Homem foi detido em operação integrada e confessou ter cometido crimes desde os 13 anos.

Estadao Conteudo 15/09/2026
Polícia da Paraíba prende suposto serial killer envolvido em 16 assassinatos
Imagem ilustrativa gerada por inteligência artificial - Foto: Nano Banana (Google Imagen)

As Polícias Civil e Militar da Paraíba prenderam nesta terça-feira, 15, um homem de 33 anos suspeito de cometer 16 homicídios em apenas três meses. O homem apontado como serial killer é Jorlan Alves da Silva, que foi detido na cidade de Mulungu. A defesa dele não foi localizada pelo Estadão.
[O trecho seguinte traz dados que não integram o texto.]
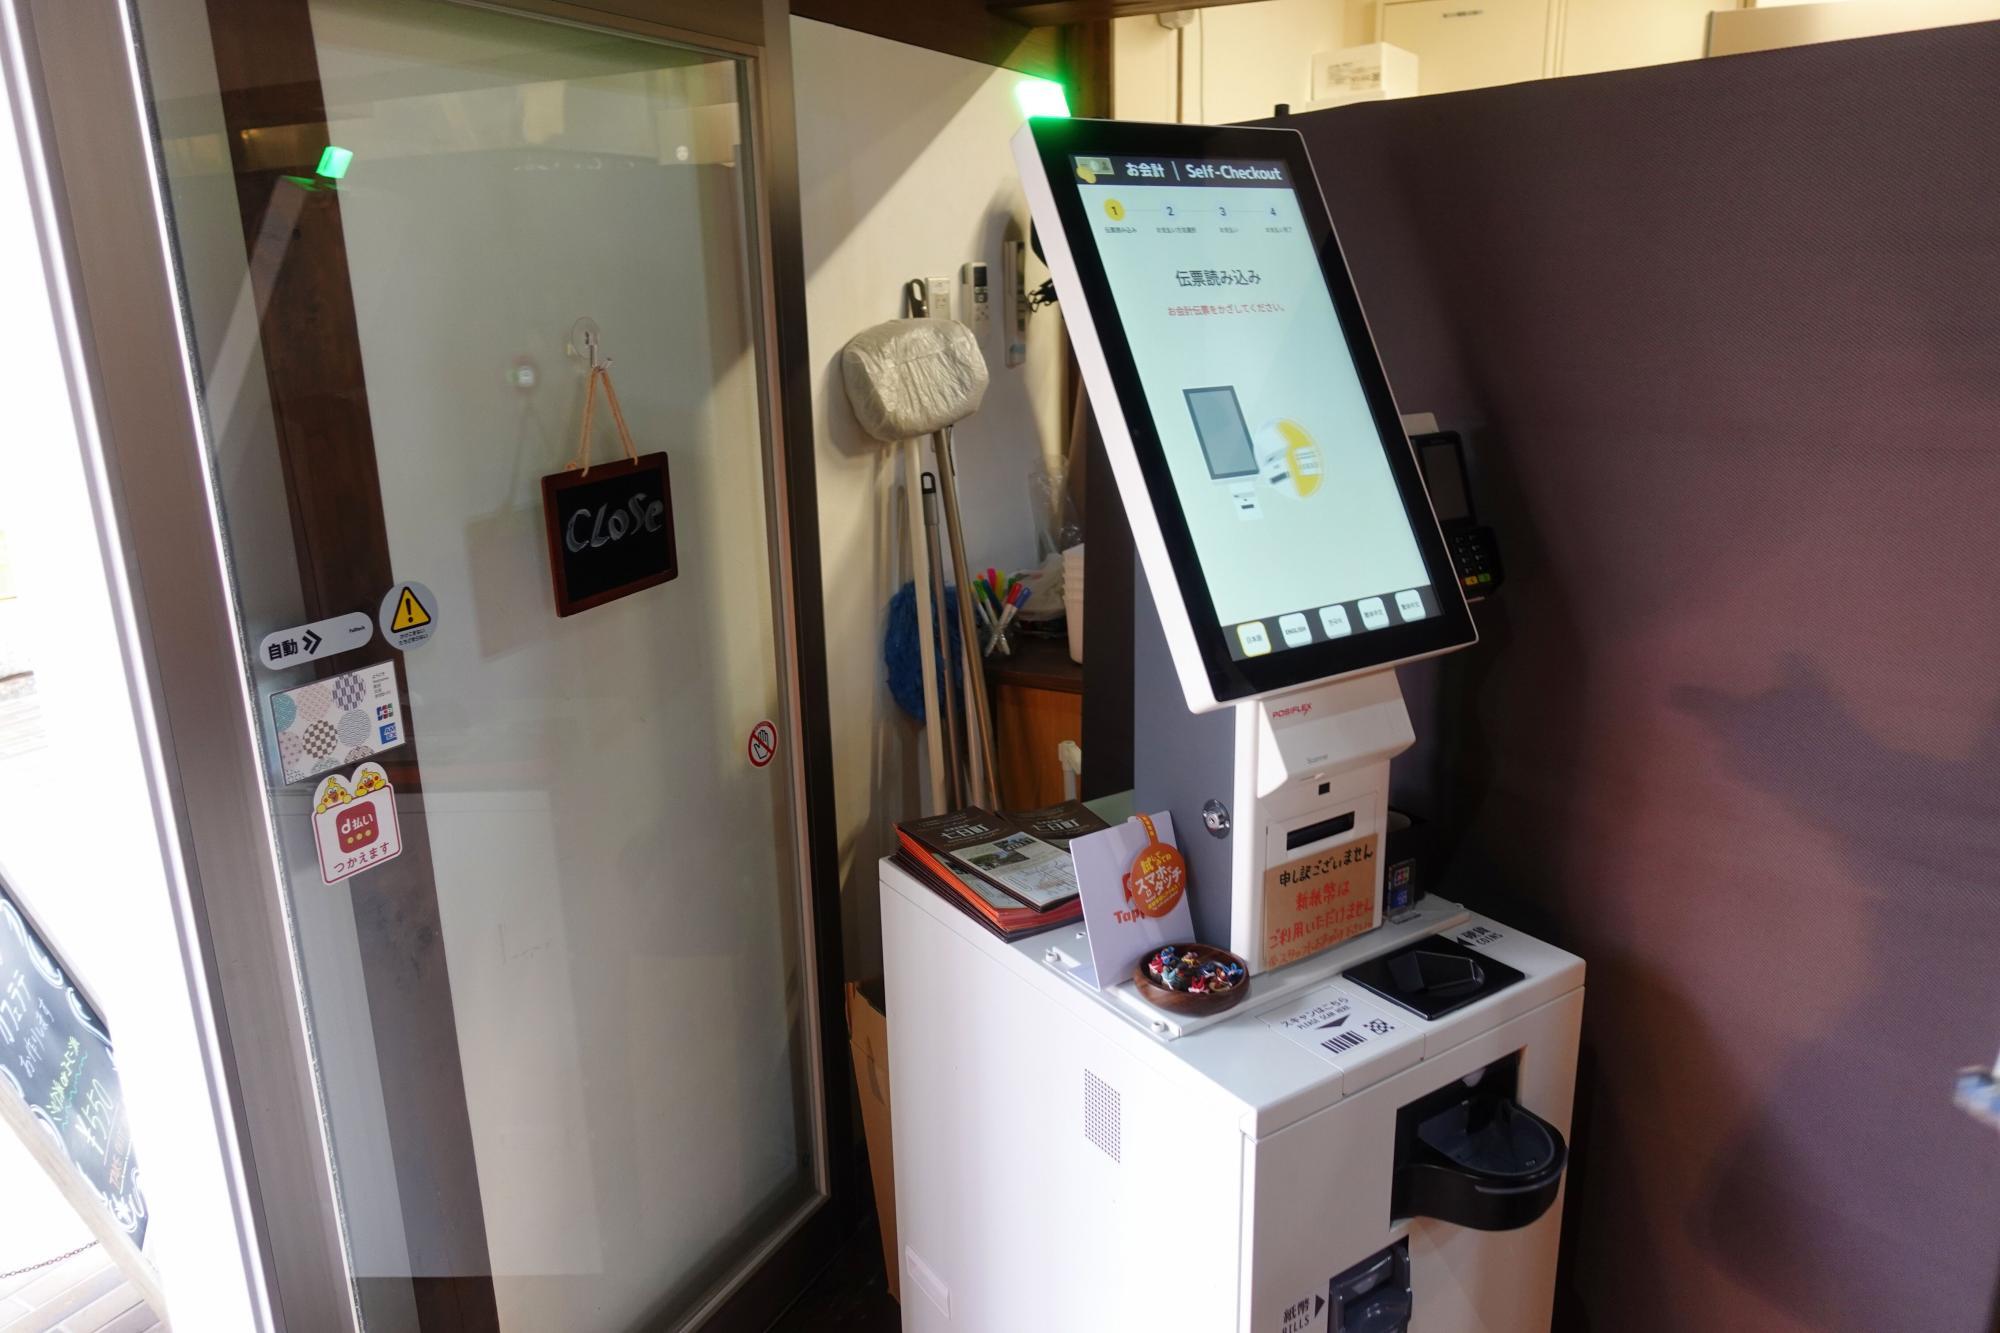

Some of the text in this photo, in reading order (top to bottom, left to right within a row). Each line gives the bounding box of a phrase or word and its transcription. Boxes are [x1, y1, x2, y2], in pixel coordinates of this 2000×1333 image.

[1125, 162, 1283, 181] お会計 Self-Checkout
[1110, 206, 1277, 217] 1 2 3 4
[1176, 269, 1261, 287] 伝票読み込み
[267, 639, 299, 661] 自動
[340, 814, 374, 834] d払い
[333, 843, 390, 873] つかえます
[1279, 844, 1374, 887] 申し訳ございません
[1268, 900, 1374, 948] ご利用いただけません
[1280, 996, 1350, 1028] スキャンはこちら
Jorlan foi preso enquanto tentava fugir do município, vestido de mulher e com uma criança no colo. Ele foi encontrado por uma operação integrada das Polícias Civil e Militar que durou 48 horas. Um mandado de prisão preventiva já havia sido expedido pela Justiça da Paraíba.

De acordo com o delegado Marcos Paulo Sales, durante interrogatório, Jorlan afirmou ter matado cerca de 80 pessoas ao longo da vida e ter cometido o primeiro homicídio quando tinha apenas 13 anos de idade.
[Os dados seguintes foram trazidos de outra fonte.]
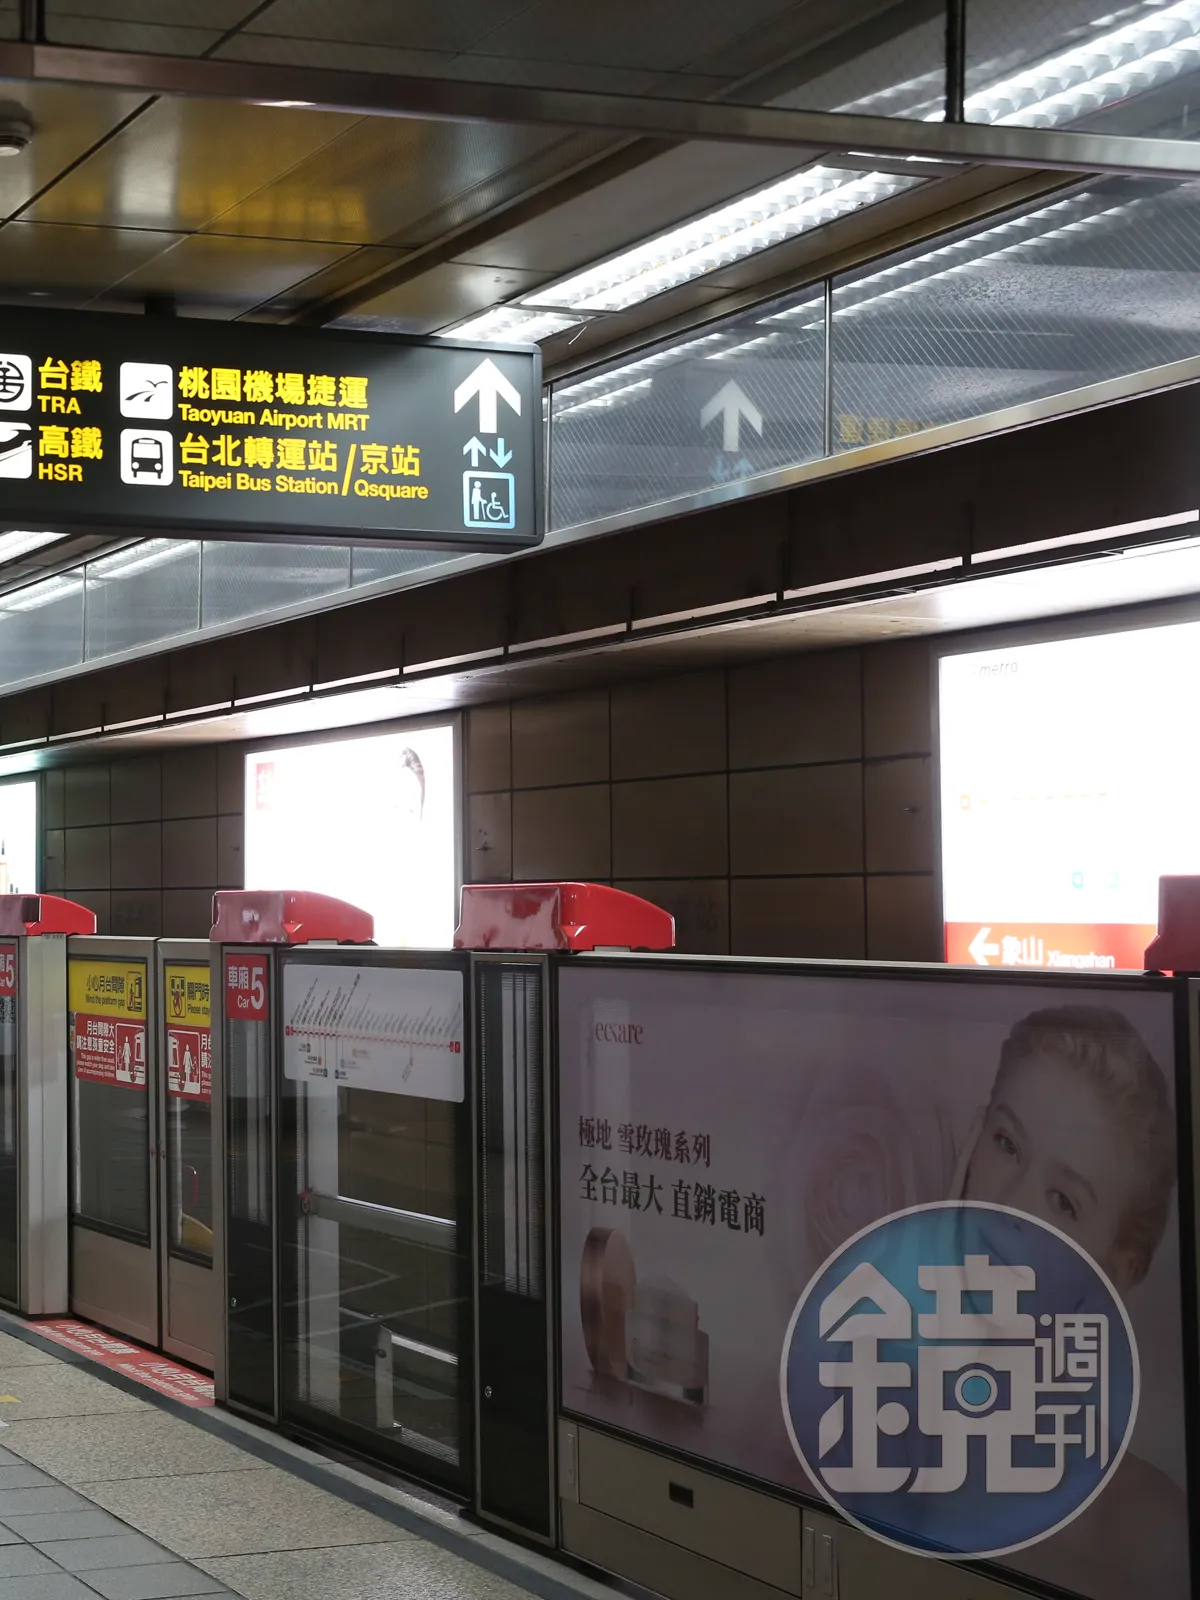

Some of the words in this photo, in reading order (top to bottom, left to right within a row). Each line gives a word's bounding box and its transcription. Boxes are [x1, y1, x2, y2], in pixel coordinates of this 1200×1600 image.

[38, 357, 103, 394] 台鐵
[178, 366, 369, 409] 桃園機場捷運
[38, 395, 81, 416] TRA
[178, 403, 255, 429] Taoyuan
[259, 409, 321, 431] Airport
[327, 412, 370, 432] MRT
[38, 426, 103, 461] 高鐵
[38, 463, 84, 483] HSR
[179, 469, 233, 492] Taipei
[236, 475, 272, 492] Bus
[275, 476, 339, 496] Station
[353, 478, 429, 502] Qsquare
[1001, 934, 1044, 966] 象山
[6, 953, 15, 988] 5
[86, 974, 125, 994] 小心月台間隙
[227, 965, 249, 991] 車廂
[251, 966, 265, 1010] 5
[237, 994, 250, 1009] Car
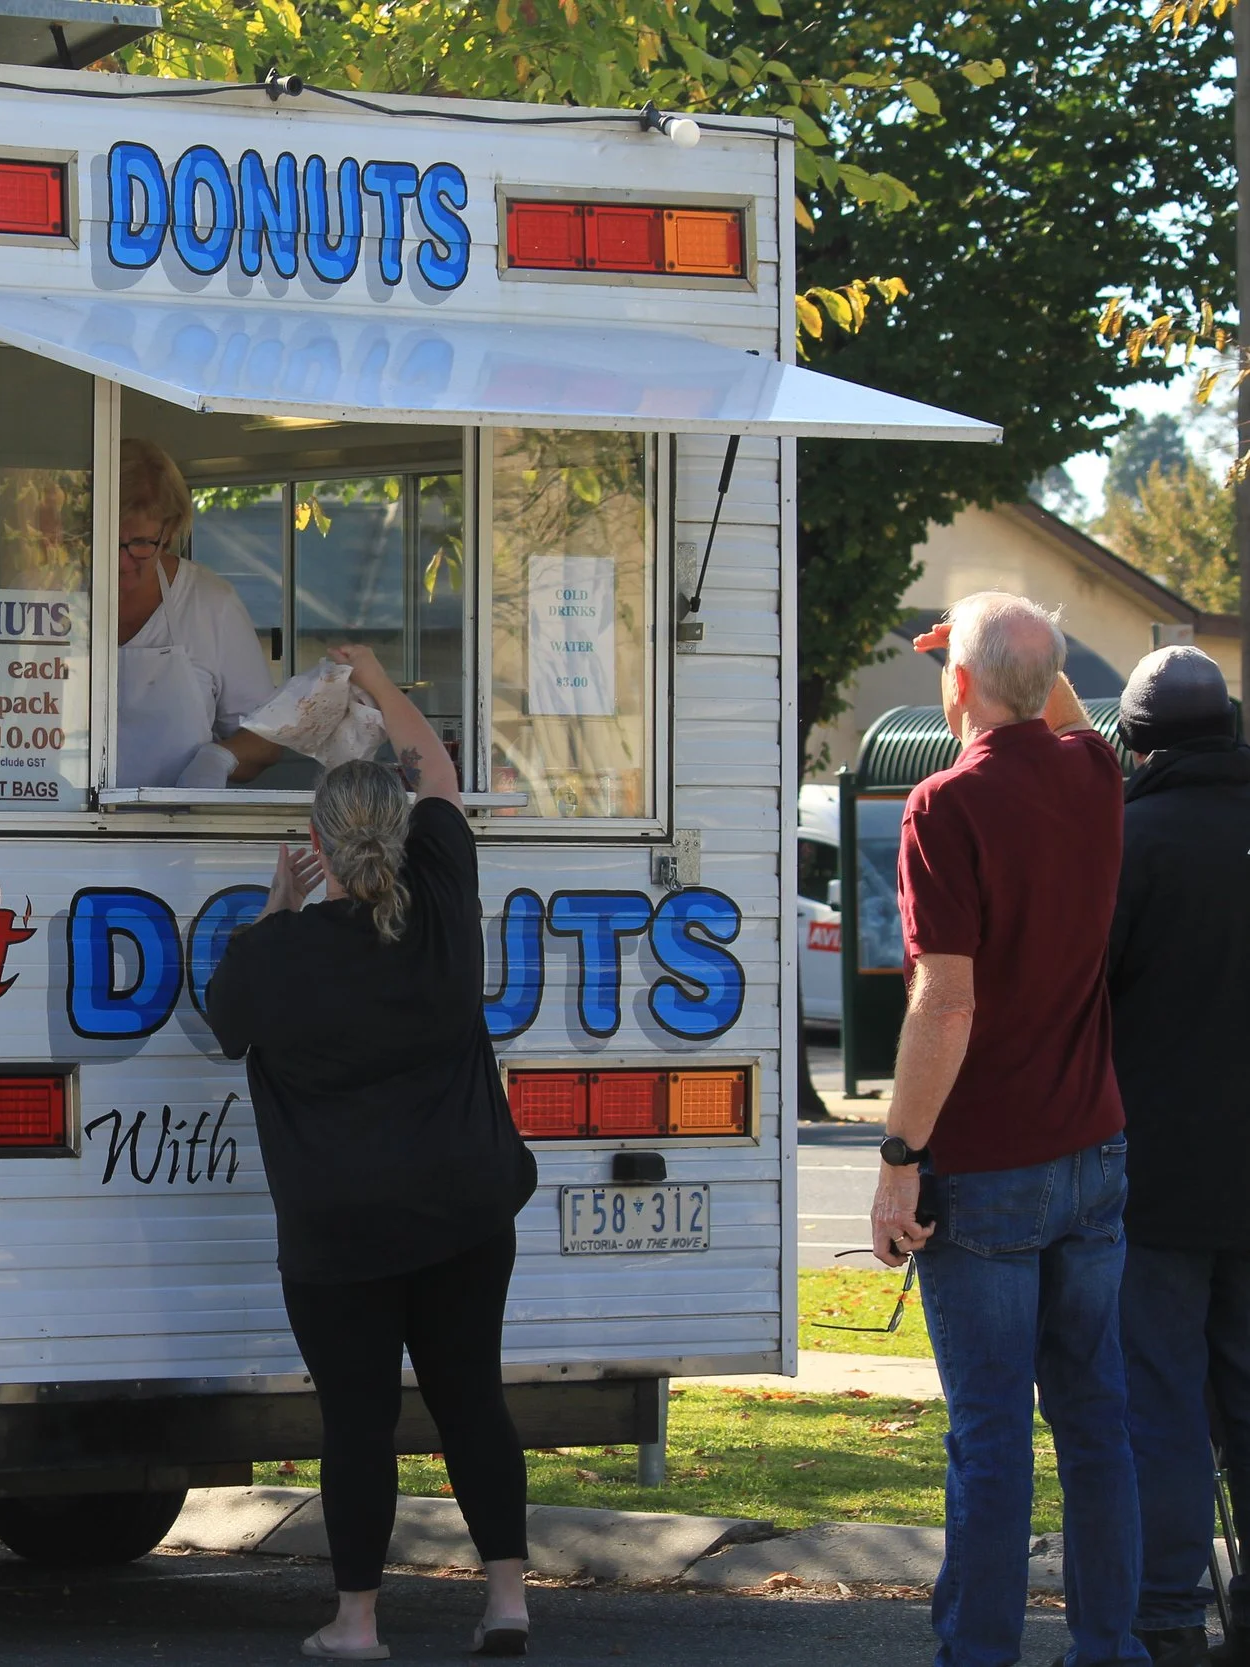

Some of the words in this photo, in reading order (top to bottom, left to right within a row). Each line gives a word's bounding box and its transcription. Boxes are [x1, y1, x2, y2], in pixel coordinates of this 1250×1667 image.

Segundo outro delegado que atua no caso, Douglas Garcia, os 16 homicídios mais recentes já possuem elementos considerados fortes pela investigação, incluindo provas técnicas e confissões. Durante o interrogatório, Jorlan relatou crimes com aparente tranquilidade e forneceu detalhes sobre algumas ocorrências.

Conforme a Polícia Civil paraibana, a criança localizada com o suspeito no momento da prisão passa bem. Ela não tem parentesco com ele e possui aproximadamente dois anos de idade. As circunstâncias de como ela foi parar com Jorlan ainda estão sendo investigadas.

Jorlan é suspeito de participar de diversos homicídios registrados na região do Vale do Mamanguape, no agreste paraibano. Outros dois homens foram presos na operação; eles também teriam participação nos crimes e seriam ligados à mesma facção de Jorlan, que tem origem no Rio de Janeiro, mas também atua na Paraíba.

A operação integrada contou com informações repassadas pela Polícia Rodoviária Federal (PRF) e apoio do Centro Integrado de Comando e Controle (CICC), segundo a Polícia Civil.